Problem statement:
Please retype the data in full and exactly; the pictures are not part of the copy.

★ ★ ★ ★

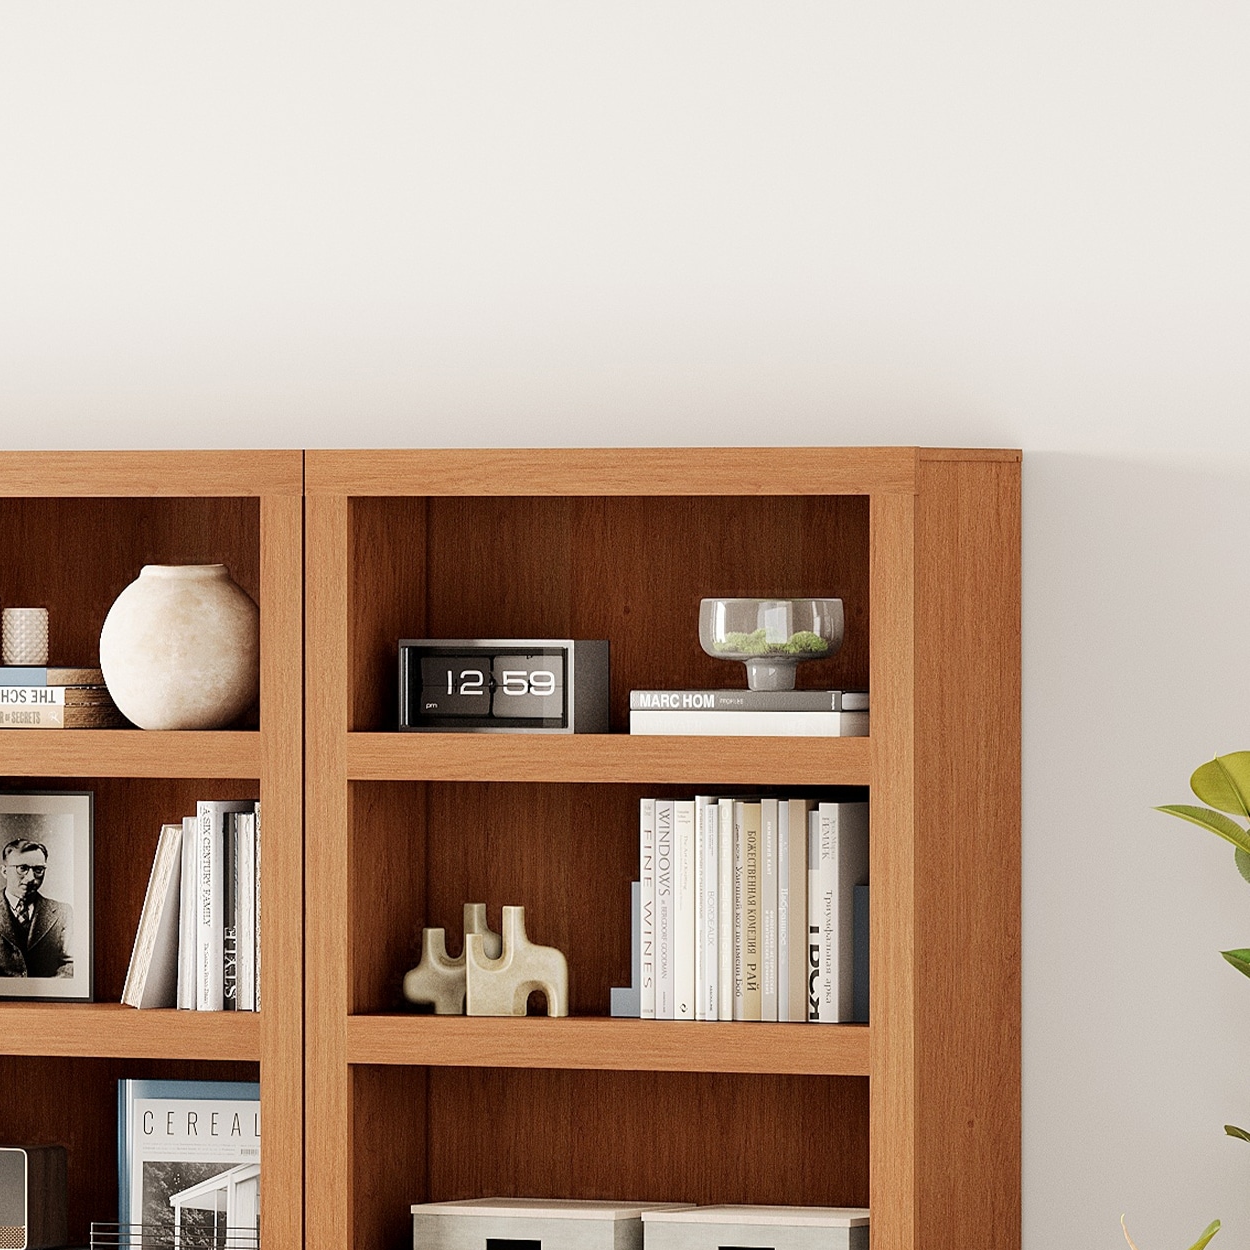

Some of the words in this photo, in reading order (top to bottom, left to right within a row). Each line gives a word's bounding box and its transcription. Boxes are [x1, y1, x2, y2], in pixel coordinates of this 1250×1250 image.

[31, 690, 56, 703] THE
[447, 670, 484, 695] 12
[502, 670, 555, 695] 59
[640, 693, 680, 708] MARC
[683, 694, 715, 708] HOM
[12, 711, 41, 724] SECRETS
[202, 807, 211, 816] A
[202, 817, 211, 835] SIX
[658, 808, 671, 896] WINDOWS
[821, 817, 830, 861] РЕМАРК
[202, 837, 211, 887] CENTURY
[644, 830, 652, 888] FINE
[747, 831, 757, 905] БОЖЕСТВЕННАЯ
[735, 866, 743, 910] Уличный
[202, 889, 211, 927] FAMILY
[707, 891, 715, 946] BORDEAUX
[643, 901, 652, 988] WINES
[735, 931, 741, 944] по
[746, 909, 756, 954] КОМЕДИЯ
[824, 890, 834, 974] Триумфальная
[224, 926, 236, 1000] STYLE
[746, 963, 760, 991] РАЙ
[735, 978, 743, 997] Боб
[824, 978, 832, 1004] арка
[143, 1110, 261, 1137] CEREAL
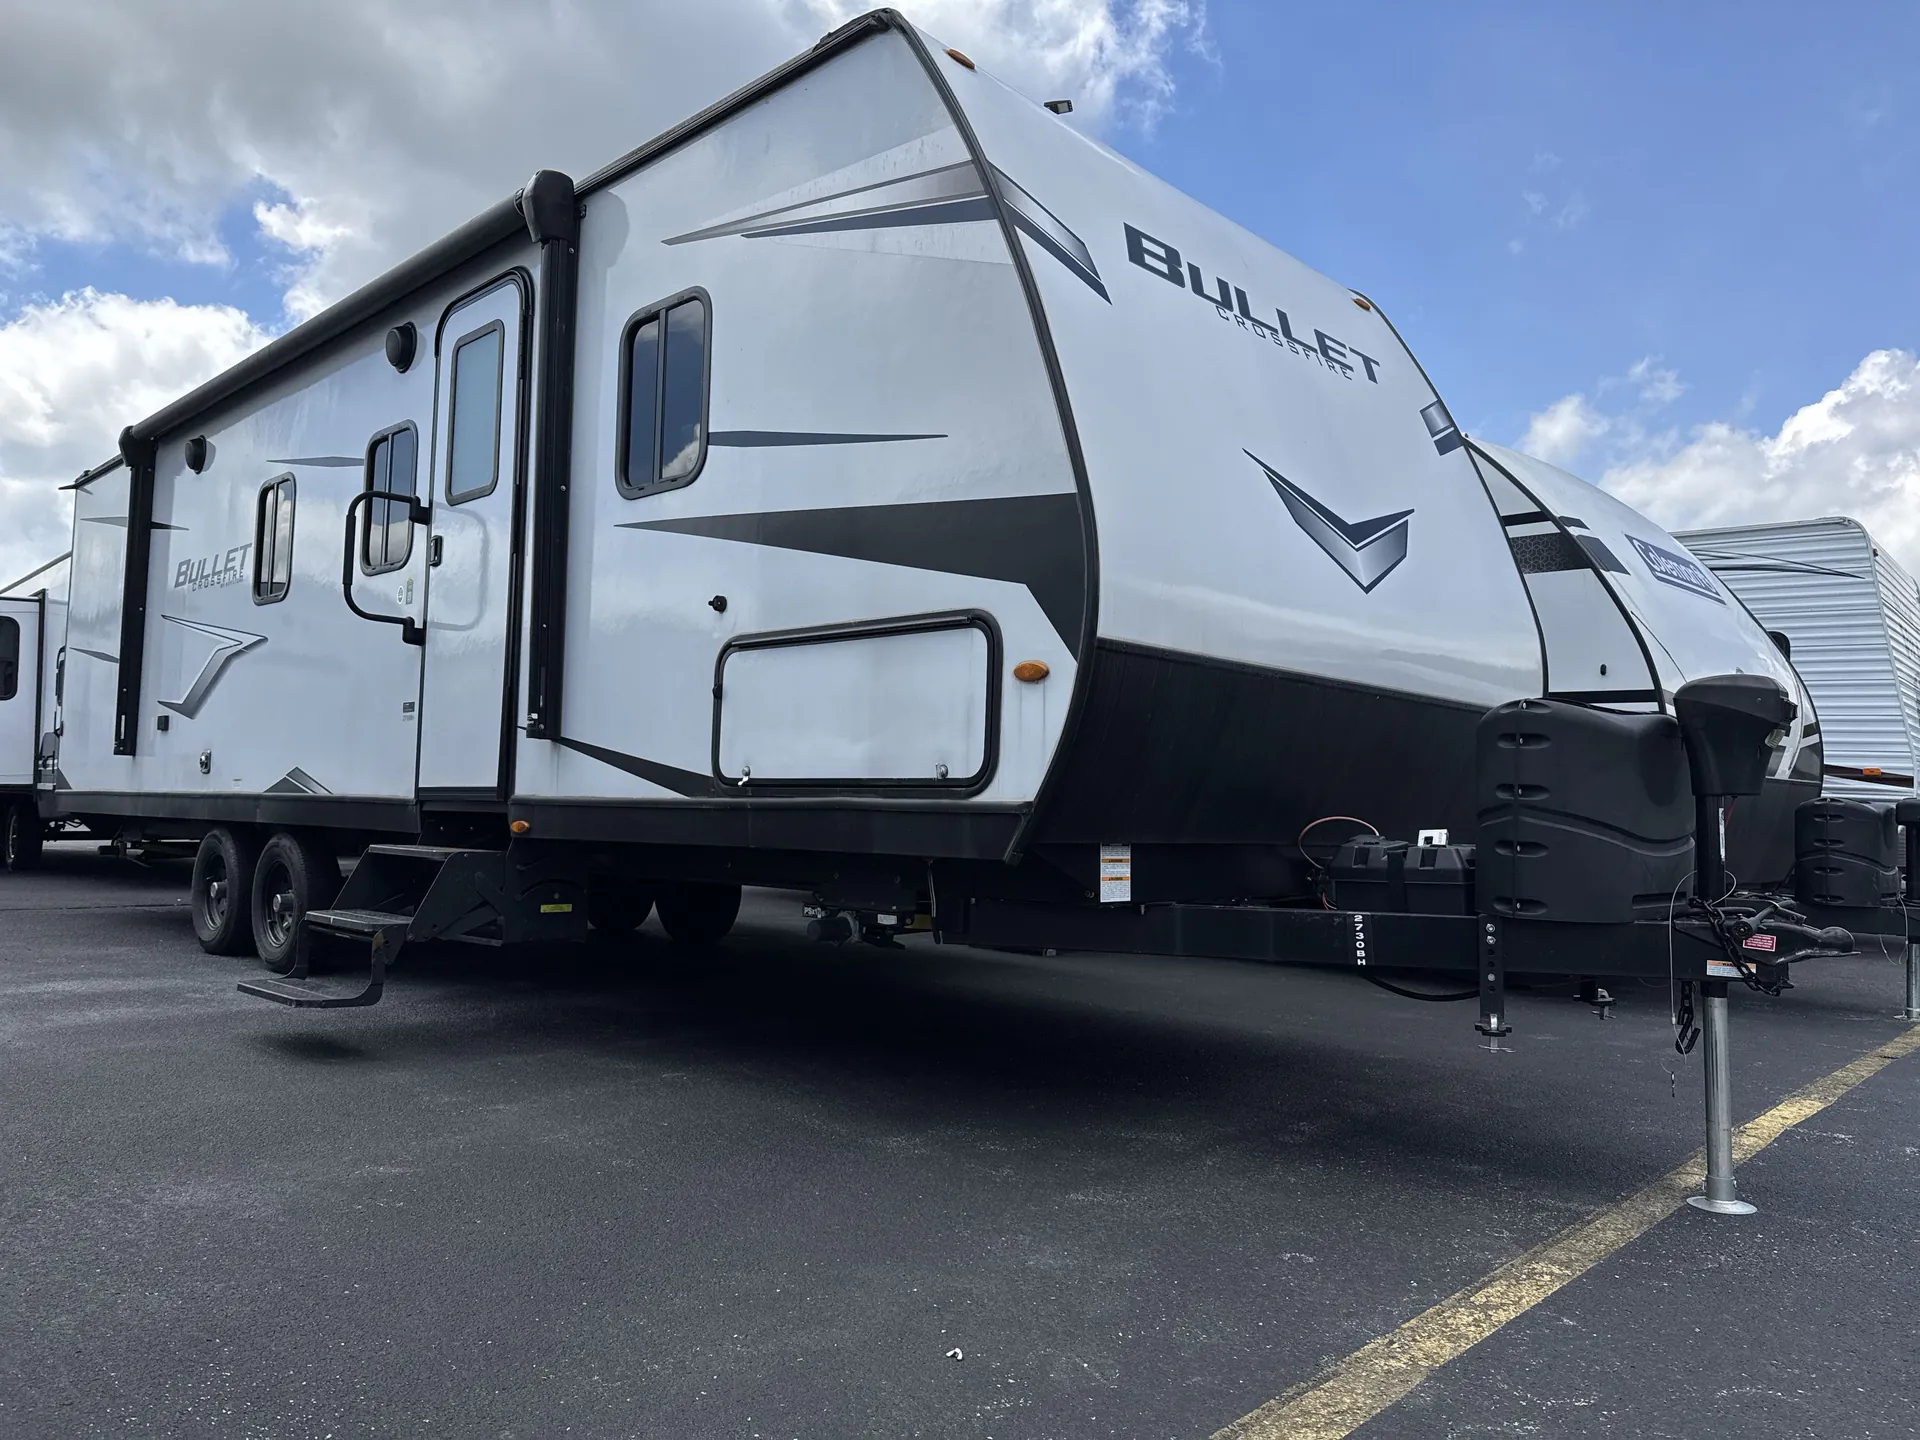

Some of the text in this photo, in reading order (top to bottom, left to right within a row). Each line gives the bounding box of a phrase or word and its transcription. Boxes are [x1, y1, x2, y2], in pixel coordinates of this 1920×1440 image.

★ ★ ★ ★

Written answer:
Some of the words in this photo, in reading order (top to bottom, left to right within a row). Each line gives a word's bounding box and its transcription. Boxes are [x1, y1, x2, y2], in pixel coordinates of this 1250×1250 image.

[31, 690, 56, 703] THE
[447, 670, 484, 695] 12
[502, 670, 555, 695] 59
[640, 693, 680, 708] MARC
[683, 694, 715, 708] HOM
[12, 711, 41, 724] SECRETS
[202, 807, 211, 816] A
[202, 817, 211, 835] SIX
[658, 808, 671, 896] WINDOWS
[821, 817, 830, 861] РЕМАРК
[202, 837, 211, 887] CENTURY
[644, 830, 652, 888] FINE
[747, 831, 757, 905] БОЖЕСТВЕННАЯ
[735, 866, 743, 910] Уличный
[202, 889, 211, 927] FAMILY
[707, 891, 715, 946] BORDEAUX
[643, 901, 652, 988] WINES
[735, 931, 741, 944] по
[746, 909, 756, 954] КОМЕДИЯ
[824, 890, 834, 974] Триумфальная
[224, 926, 236, 1000] STYLE
[746, 963, 760, 991] РАЙ
[735, 978, 743, 997] Боб
[824, 978, 832, 1004] арка
[143, 1110, 261, 1137] CEREAL

Some of the text in this photo, in reading order (top to bottom, left to right within a row). Each line gives the bounding box of a phrase or word and its transcription. Boxes are [x1, y1, x2, y2], in pixel coordinates of this 1920×1440 image.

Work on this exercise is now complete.